If you would answer yes to any of the following questions please seek the advice of a medical practitioner or professionally qualified person before proceeding with your order:
- Do you have diabetes?
- Do you or have you suffered a loss of sensation in the intended area for recovery?
(for example numbness/paraesthesia caused by nerve damage)
- Do you have a tissue infection whether confirmed or suspected?
- Are you hypersensitive or had an adverse experience to cold?
(for example frostbite, the development of hives or welts, itchiness and swelling, cold induced urticaria or acute paroxysmal cold haemoglobinuria or cryoglobulinemia)
- Do you have a medical condition which may worsen through the application of cold?
(for example multiple sclerosis, rheumatoid arthritis, spinal cord injury, clotting abnormalities, peptic ulcer)
- Do you or have you experienced slow wound healing?

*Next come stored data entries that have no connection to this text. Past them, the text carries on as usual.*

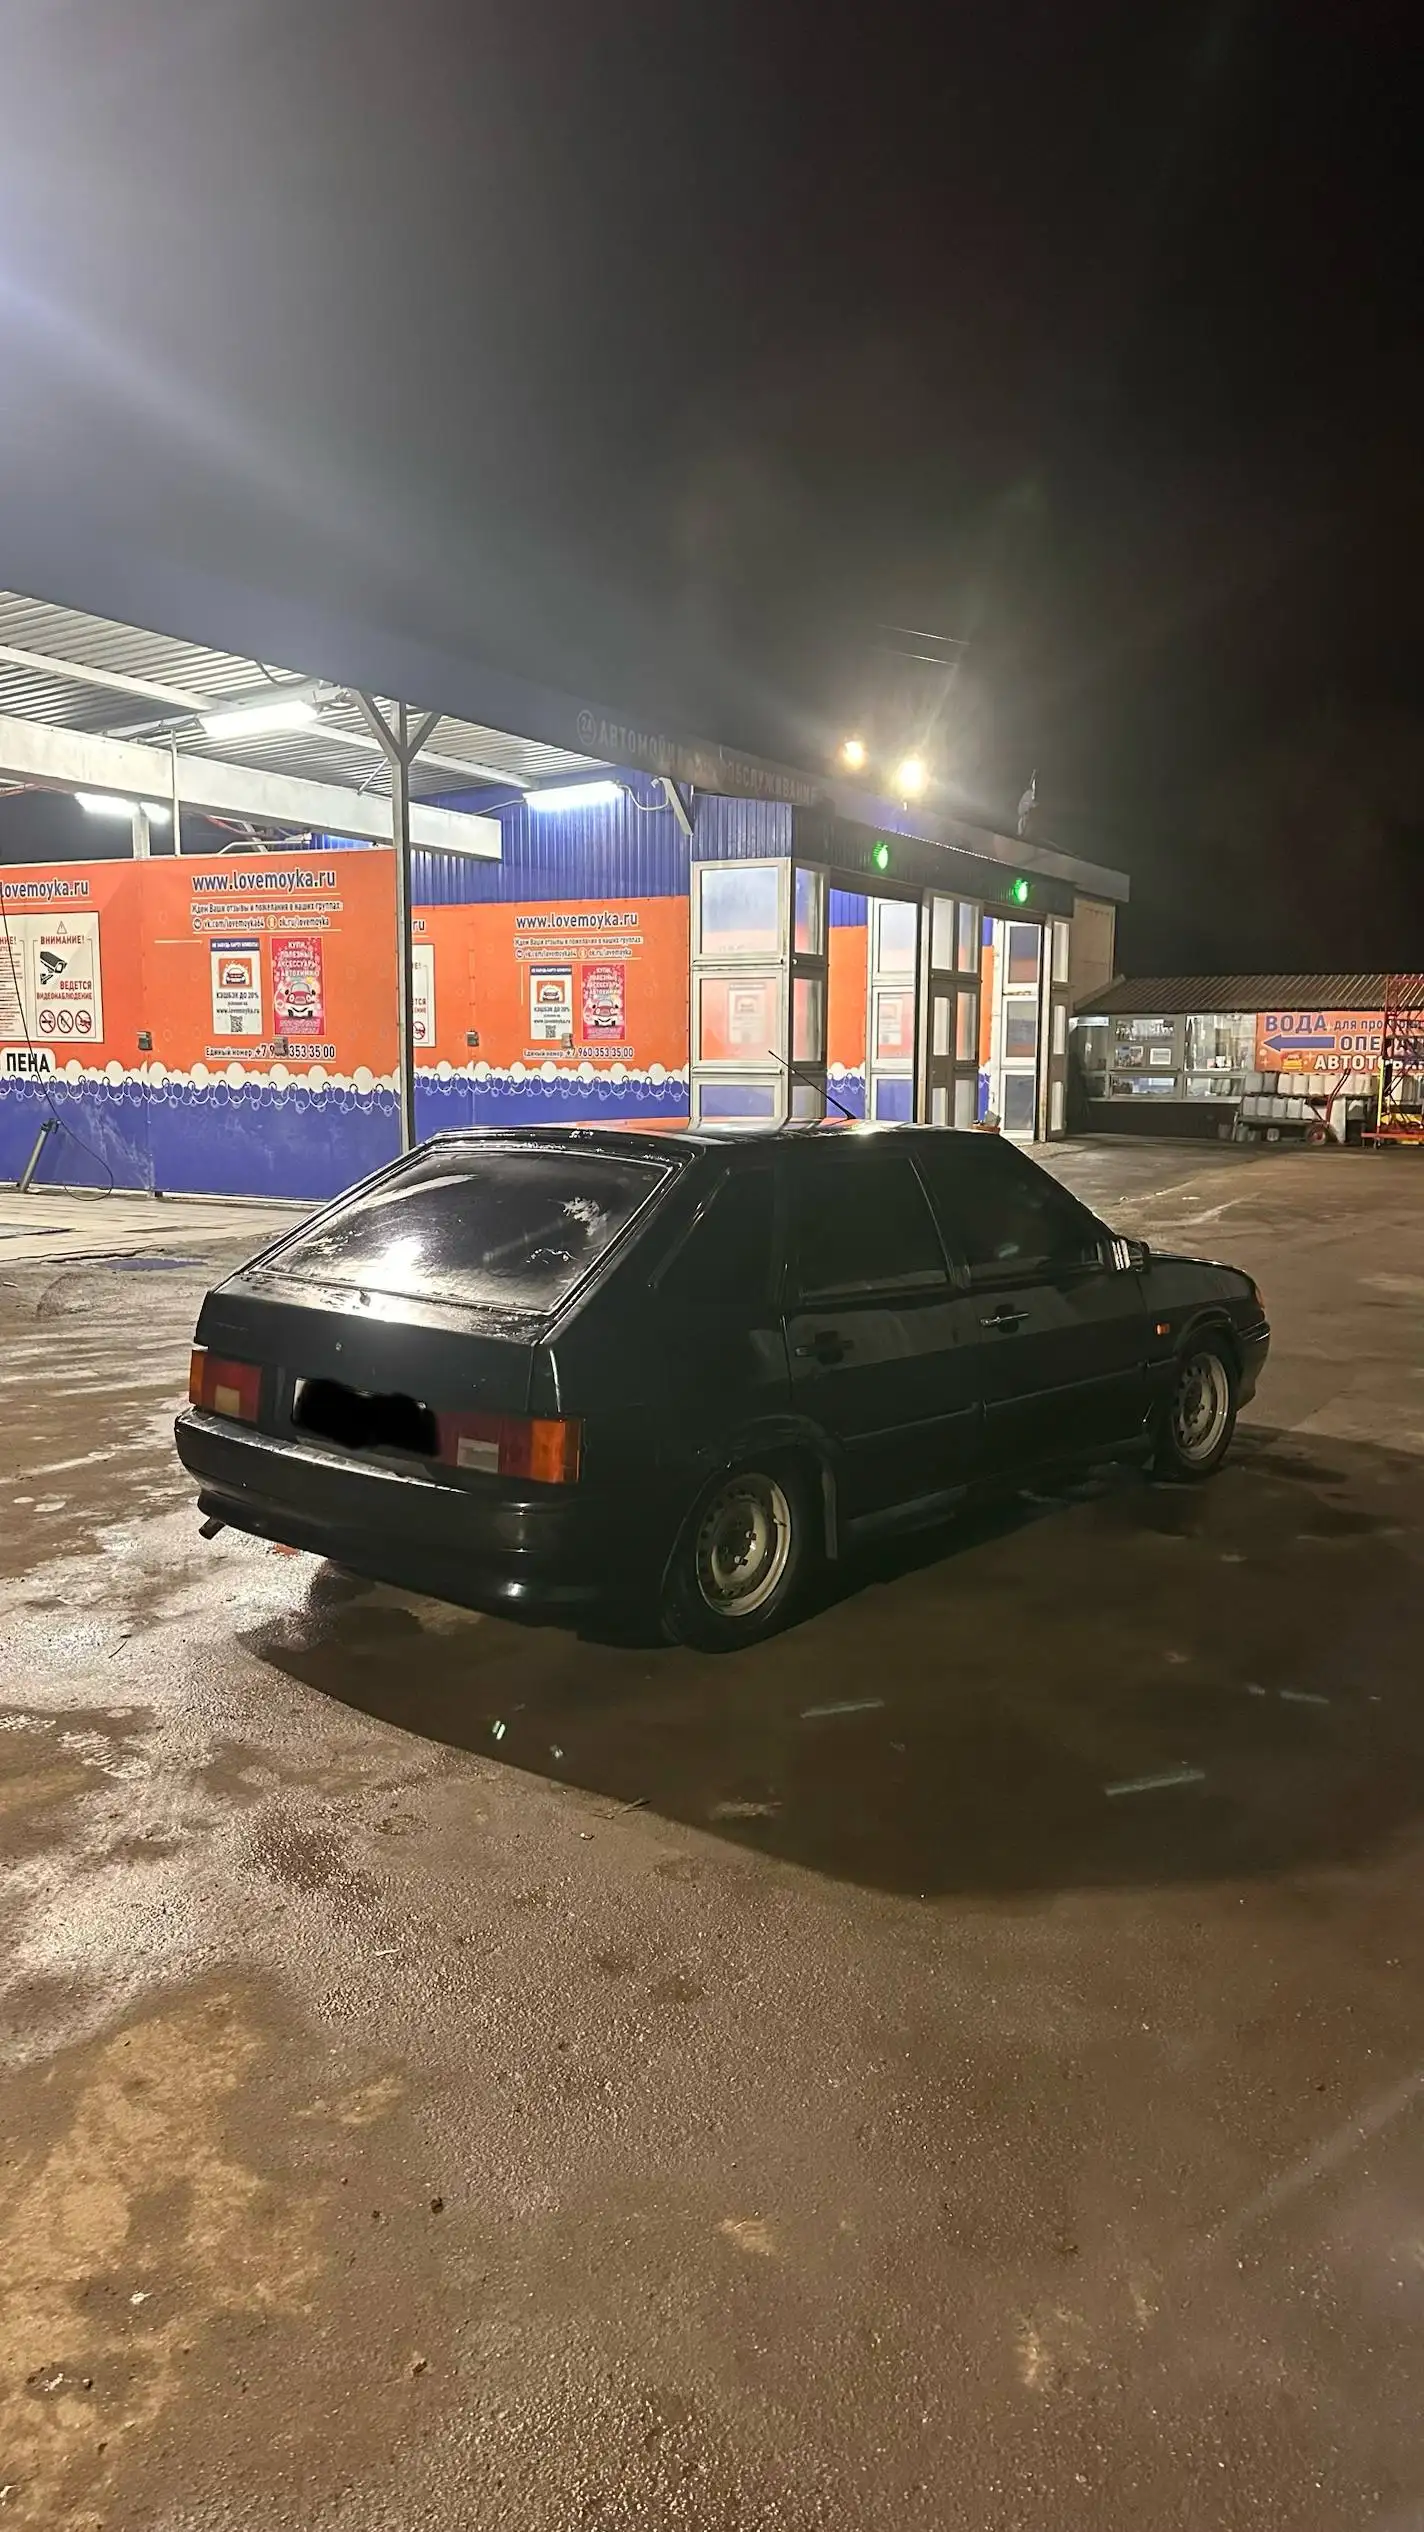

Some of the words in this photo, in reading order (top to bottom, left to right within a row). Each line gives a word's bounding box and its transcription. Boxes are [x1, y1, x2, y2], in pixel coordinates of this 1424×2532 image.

[192, 868, 336, 892] www.lovemoyka.ru
[516, 911, 638, 930] www.lovemoyka.ru
[40, 935, 85, 945] ВНИМАНИЕ!
[60, 980, 92, 991] ВЕДЕТСЯ
[36, 992, 93, 1000] ВИДЕОНАБЛЮДЕНИЕ
[1265, 1014, 1328, 1034] ВОДА
[1334, 1019, 1357, 1032] для
[206, 1047, 231, 1057] Единый
[289, 1045, 307, 1058] 353
[309, 1045, 321, 1058] 35
[323, 1045, 335, 1058] 00
[578, 1047, 593, 1058] 960
[595, 1047, 609, 1058] 353
[611, 1047, 621, 1057] 35
[623, 1047, 634, 1058] 00
[6, 1053, 51, 1073] ПЕНА

- Do you have any circulatory or cardiac conditions?
(for example acute stages of inflammatory phlebitis, Raynaud’s Phenomenon, Hypertension, extreme low blood pressure, arteriosclerosis or other vascular ischemic disease)
- Do you have an acute or unstable fracture in your area for recovery?

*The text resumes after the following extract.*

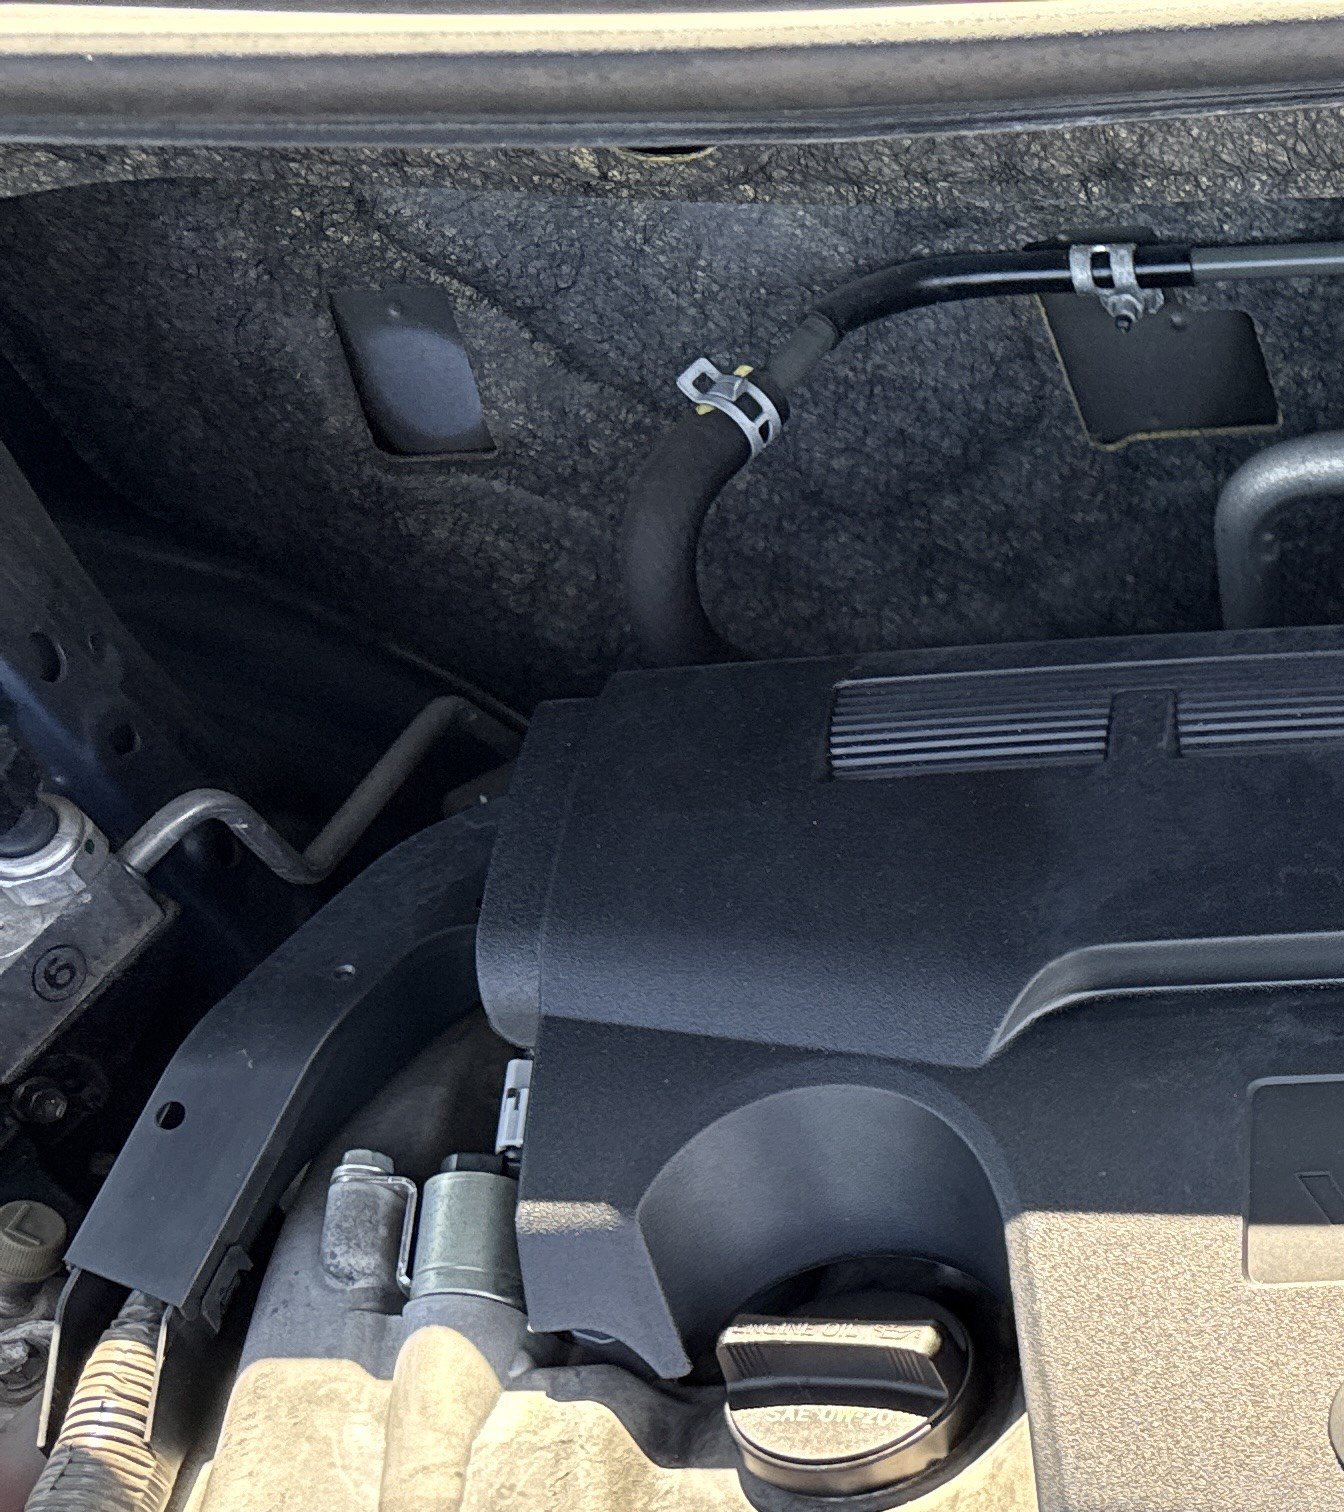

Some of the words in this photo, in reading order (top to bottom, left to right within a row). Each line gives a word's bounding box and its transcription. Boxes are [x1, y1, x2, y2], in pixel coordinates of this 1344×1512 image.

- Do you have a tumour in your intended area for recovery?
- Have you ever had deep vein thrombosis, pulmonary embolus, or any symptoms of deep vein thrombosis?
(please consult your GP or surgeon of your intention to use this machine and the risks associated with deep vein thrombosis. For more information on deep vein thrombosis check this link courtesy of the NHS)
- Do you have a skin condition?
(for example dermatitis, vein ligation, gangrene, skin graft in the intended therapy area)
- Are you pregnant?
- Do you have hypertension or any muscle tightness with a reduced ability to stretch which may be caused by nervous system damage?
(for example decompensated hypertonia)
- Have you suffered or are you suffering back pain?